**What the task requires**
Nothing but the text of the records should come back; copy it exactly and leave the pictures out.

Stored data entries
::::

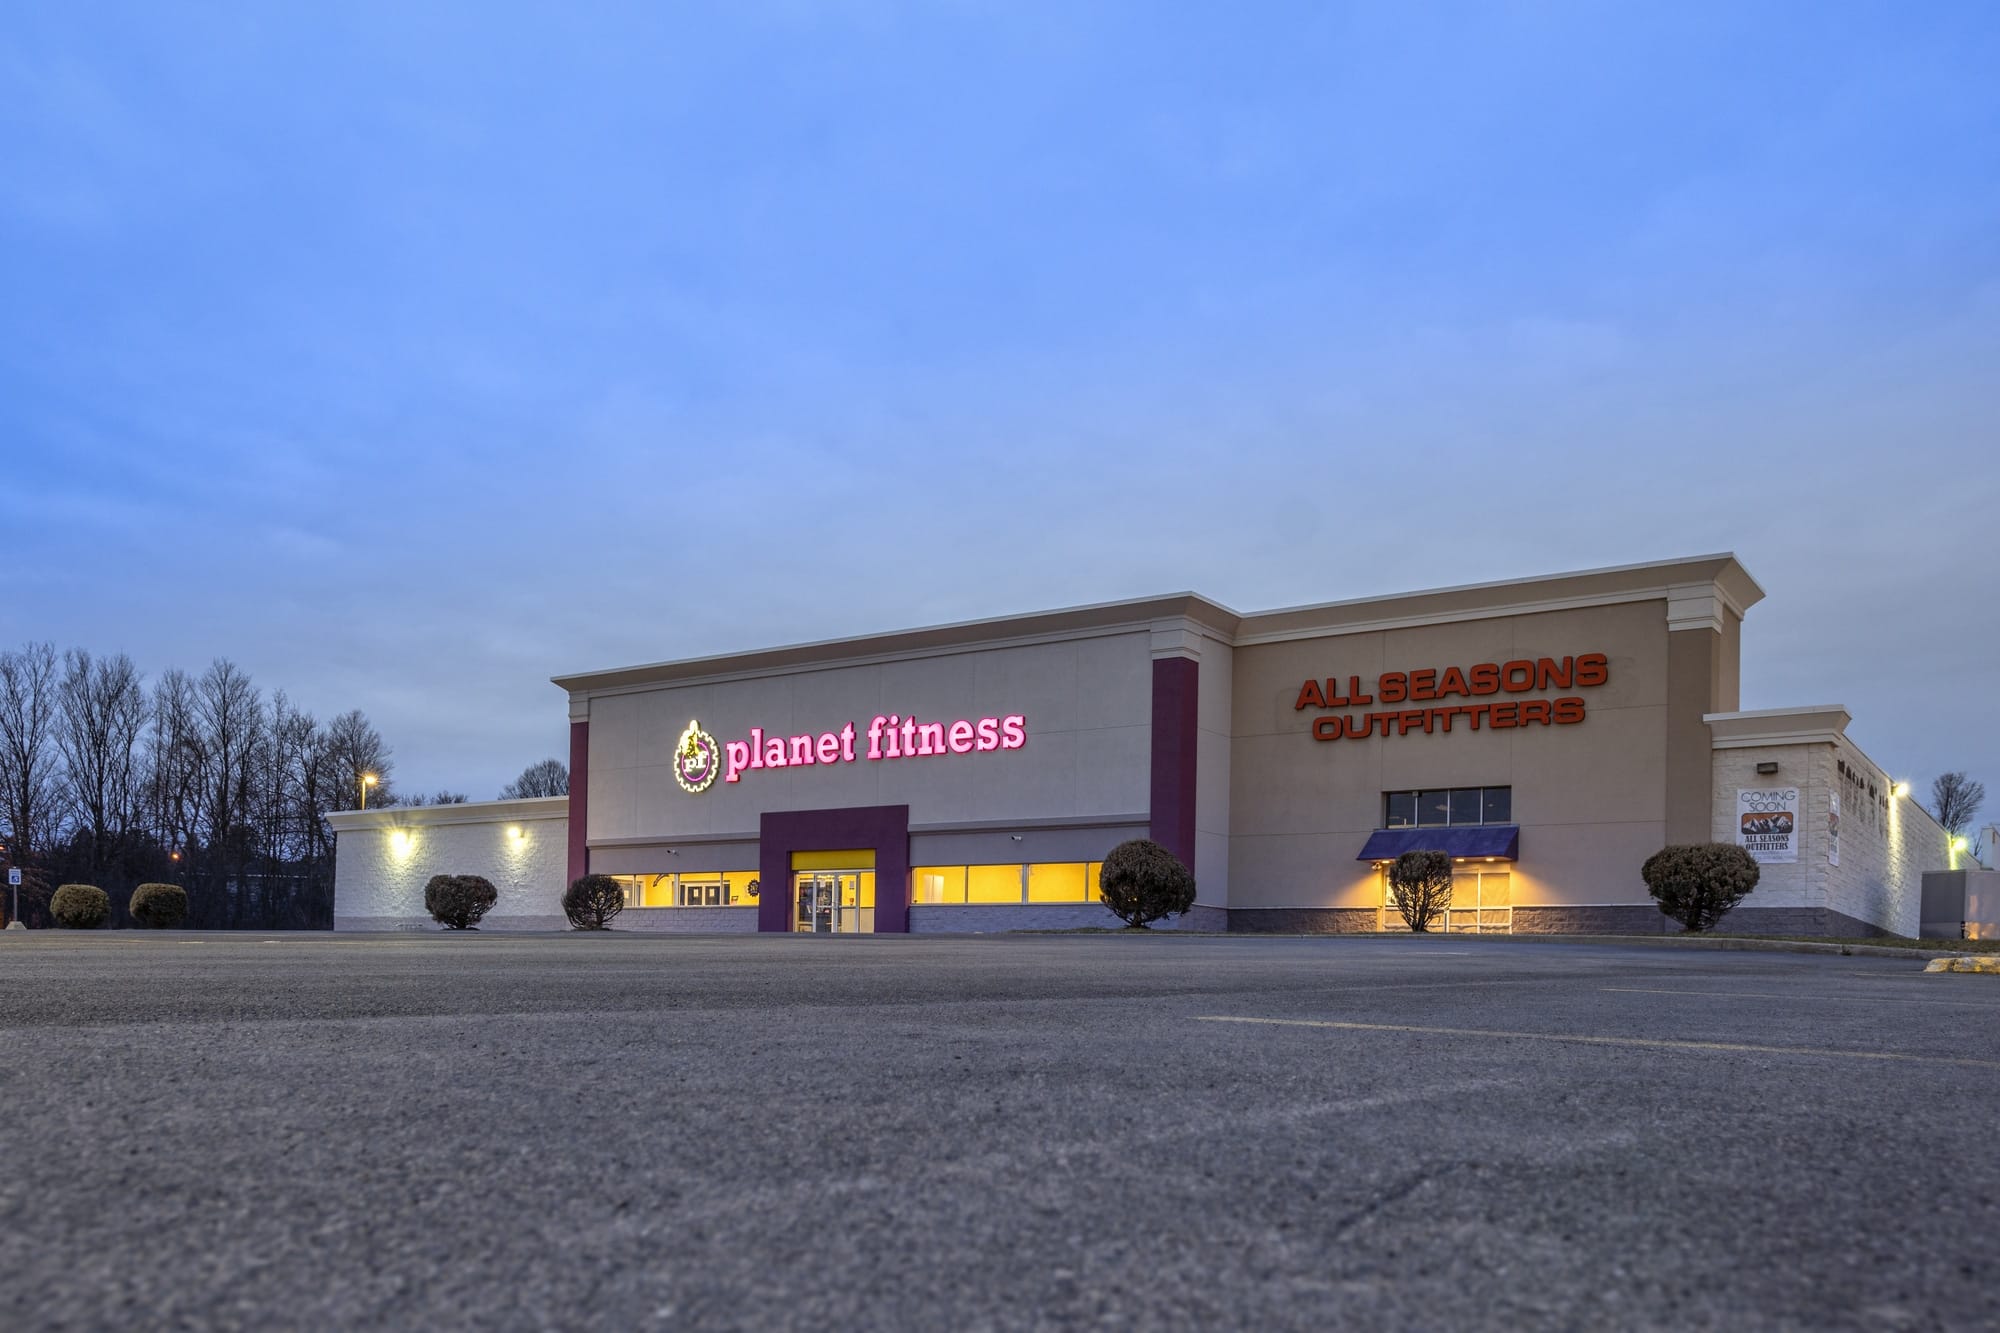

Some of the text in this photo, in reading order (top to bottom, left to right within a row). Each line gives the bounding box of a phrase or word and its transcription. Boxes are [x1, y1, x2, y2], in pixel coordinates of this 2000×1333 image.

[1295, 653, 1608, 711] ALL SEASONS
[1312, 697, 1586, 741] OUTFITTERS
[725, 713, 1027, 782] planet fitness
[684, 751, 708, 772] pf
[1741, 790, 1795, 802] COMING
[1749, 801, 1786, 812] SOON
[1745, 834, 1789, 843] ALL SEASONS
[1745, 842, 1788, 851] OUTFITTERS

::::

**Reply to the exercise**
Some of the text in this photo, in reading order (top to bottom, left to right within a row). Each line gives the bounding box of a phrase or word and its transcription. Boxes are [x1, y1, x2, y2], in pixel coordinates of this 2000×1333 image.

[1295, 653, 1608, 711] ALL SEASONS
[1312, 697, 1586, 741] OUTFITTERS
[725, 713, 1027, 782] planet fitness
[684, 751, 708, 772] pf
[1741, 790, 1795, 802] COMING
[1749, 801, 1786, 812] SOON
[1745, 834, 1789, 843] ALL SEASONS
[1745, 842, 1788, 851] OUTFITTERS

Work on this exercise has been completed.